Thanks to Genetic Engineering: Bacterium Helps Recycle Rare Earths

by | 19. Dec 2023 - 11:29 | Technologies

US researchers present a more environmentally friendly process for separating the critical raw materials.

The demand for raw materials for the energy transition is growing, but at the same time, there is a risk of supply bottlenecks due to their limited availability. As new mining projects have very long lead times, alternative extraction methods are becoming increasingly important. Researchers at Cornell University in the US state of New York have now presented a method in which Vibrio natriegens, a bacterium weighing just one trillionth of a gram, plays the main role. It is capable of dissolving rare earths from e-waste, for example, selectively binding them to itself and thus separating them from one another. According to the study published in the journal Synthetic Biology, this so-called biosorption has been improved through genetic modification. Compared to the wild type, the newly developed bacterial strain has a 50 per cent higher selectivity with regard to a total of 17 rare earth elements. It can also biosorb 210 percent more of the heavy rare earth metal dysprosium, which is considered particularly critical.

Compared to conventional methods of separating the raw materials using solvents, this is a more environmentally friendly approach, explains lead author Buz Barstow. The expertise in separating rare earths has largely been lost in the USA; the minerals extracted here are currently sent to China for processing, which has a quasi-monopoly on this technology. In the future, bacteria such as Vibrio natriegens could be used in the USA’s rare earth mine, Mountain Pass, and strengthen the domestic supply chain, says Barstow.

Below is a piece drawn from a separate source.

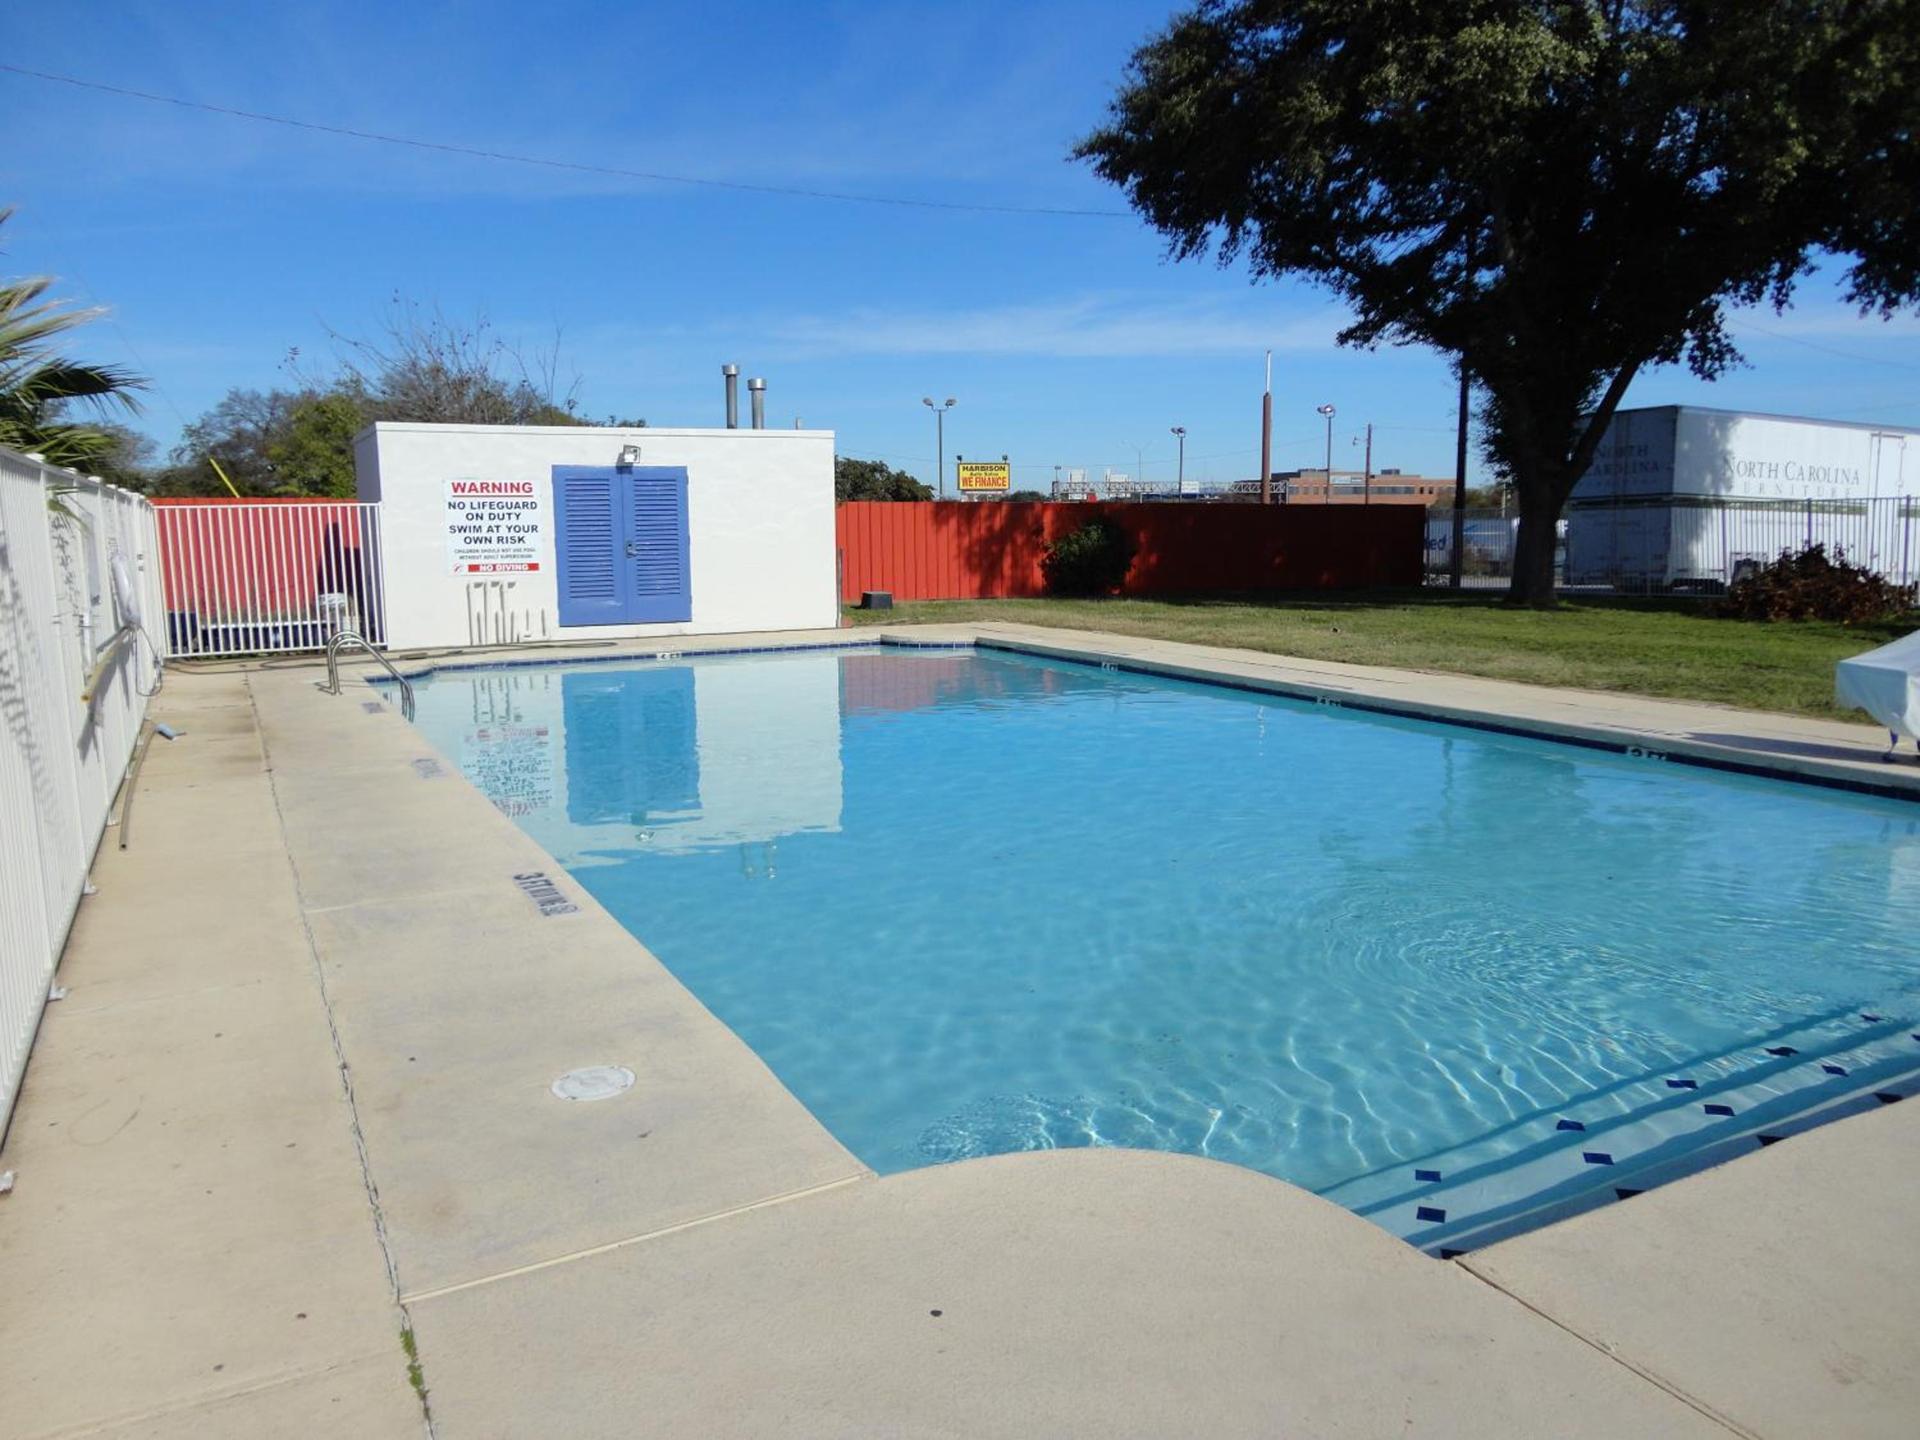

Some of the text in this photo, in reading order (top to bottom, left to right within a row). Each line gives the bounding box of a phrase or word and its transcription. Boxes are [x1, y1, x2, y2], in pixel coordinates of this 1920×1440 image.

More on bacteria as miners: A research team led by Buz Barstow has already trialled genetic engineering methods on another bacterium, Shewanella oneidensis, in order to extract rare earths in an environmentally friendly way. Further projects on the extraction of raw materials using microorganisms are being researched at the University of Nottingham, the Technical University of Denmark and the San Diego State University, among others.